> **Task item**
Repeat the listing word for word. No pictures belong in the copy.

------------

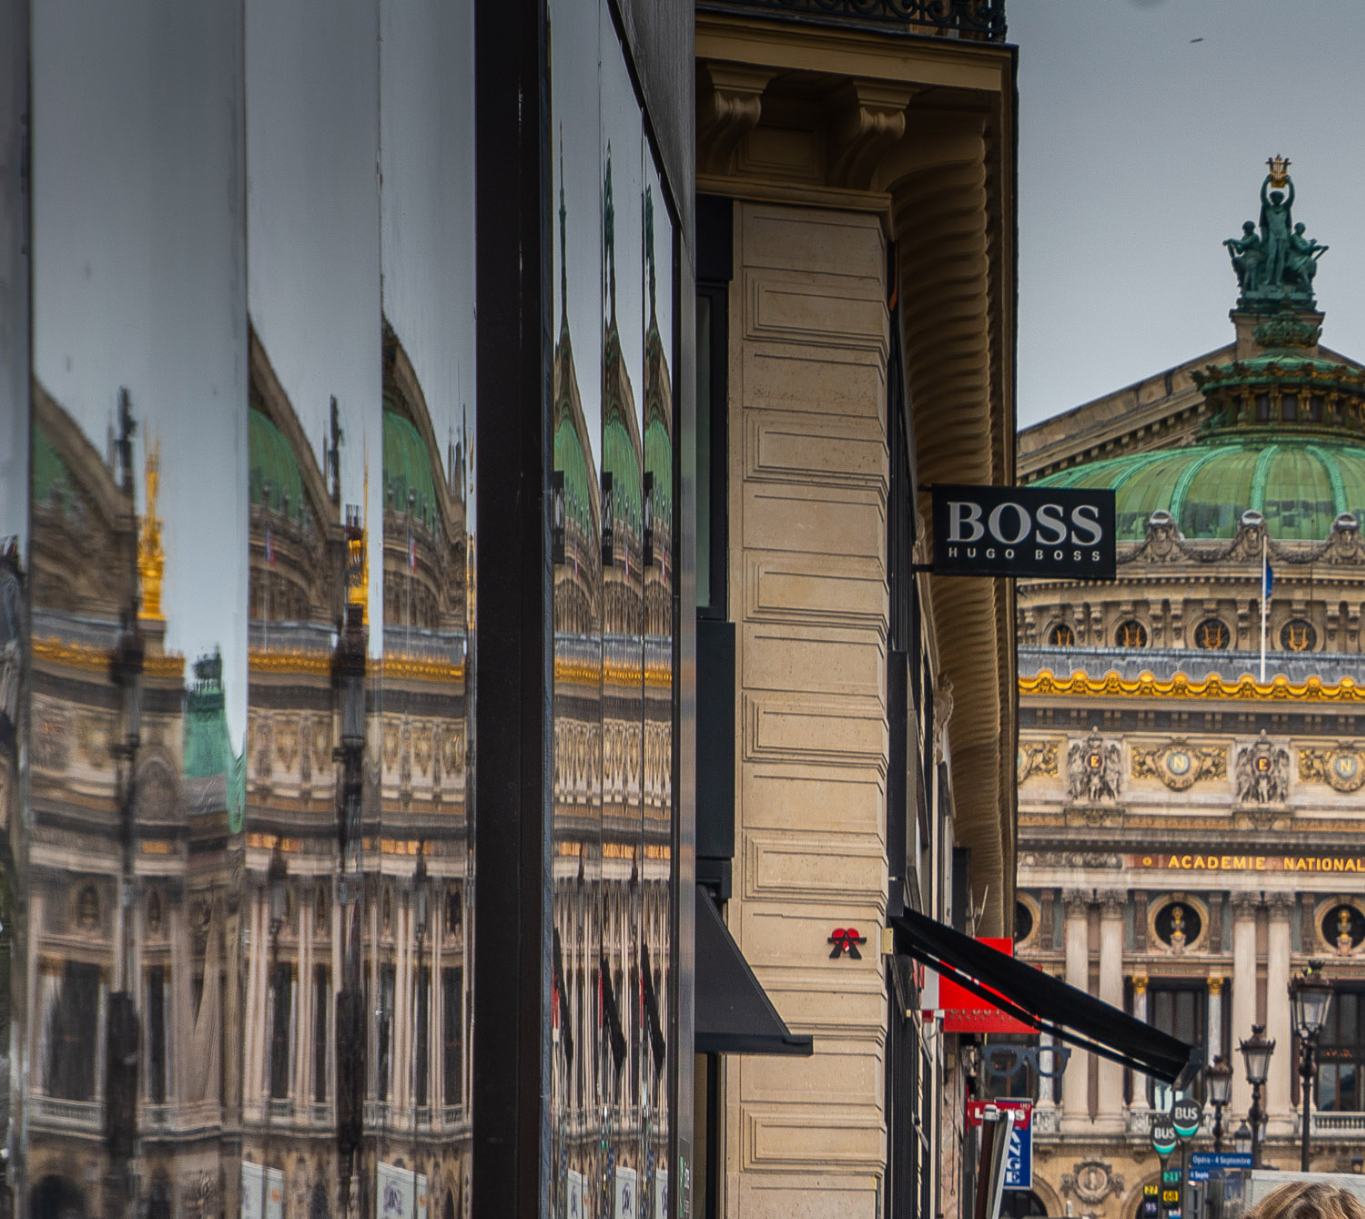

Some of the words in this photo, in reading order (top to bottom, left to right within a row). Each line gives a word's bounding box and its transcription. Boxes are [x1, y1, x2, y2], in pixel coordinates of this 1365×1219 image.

[946, 501, 1103, 546] BOSS
[948, 547, 1015, 560] HUGO
[1034, 549, 1101, 561] BOSS
[1168, 855, 1267, 871] ACADEMIE
[1174, 1106, 1198, 1120] BUS
[1154, 1127, 1175, 1139] BUS

------------

> **Result of the task**
Some of the words in this photo, in reading order (top to bottom, left to right within a row). Each line gives a word's bounding box and its transcription. Boxes are [x1, y1, x2, y2], in pixel coordinates of this 1365×1219 image.

[946, 501, 1103, 546] BOSS
[948, 547, 1015, 560] HUGO
[1034, 549, 1101, 561] BOSS
[1168, 855, 1267, 871] ACADEMIE
[1174, 1106, 1198, 1120] BUS
[1154, 1127, 1175, 1139] BUS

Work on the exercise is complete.